**The data:**
########

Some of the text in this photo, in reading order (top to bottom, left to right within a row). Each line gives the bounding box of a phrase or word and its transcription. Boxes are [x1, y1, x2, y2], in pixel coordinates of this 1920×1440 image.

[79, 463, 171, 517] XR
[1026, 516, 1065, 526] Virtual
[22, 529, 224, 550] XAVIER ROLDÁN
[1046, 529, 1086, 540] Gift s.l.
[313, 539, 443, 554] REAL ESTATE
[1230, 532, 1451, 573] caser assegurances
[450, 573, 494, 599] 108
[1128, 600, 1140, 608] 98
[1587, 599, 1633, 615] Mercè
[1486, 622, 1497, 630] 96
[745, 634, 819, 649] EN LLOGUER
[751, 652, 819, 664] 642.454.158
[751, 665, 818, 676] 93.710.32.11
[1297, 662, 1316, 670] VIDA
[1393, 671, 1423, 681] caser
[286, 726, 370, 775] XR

########

**Activity:**
Write out every entry again exactly, please, with nothing missing.

**Expected output:**
Some of the text in this photo, in reading order (top to bottom, left to right within a row). Each line gives the bounding box of a phrase or word and its transcription. Boxes are [x1, y1, x2, y2], in pixel coordinates of this 1920×1440 image.

[79, 463, 171, 517] XR
[1026, 516, 1065, 526] Virtual
[22, 529, 224, 550] XAVIER ROLDÁN
[1046, 529, 1086, 540] Gift s.l.
[313, 539, 443, 554] REAL ESTATE
[1230, 532, 1451, 573] caser assegurances
[450, 573, 494, 599] 108
[1128, 600, 1140, 608] 98
[1587, 599, 1633, 615] Mercè
[1486, 622, 1497, 630] 96
[745, 634, 819, 649] EN LLOGUER
[751, 652, 819, 664] 642.454.158
[751, 665, 818, 676] 93.710.32.11
[1297, 662, 1316, 670] VIDA
[1393, 671, 1423, 681] caser
[286, 726, 370, 775] XR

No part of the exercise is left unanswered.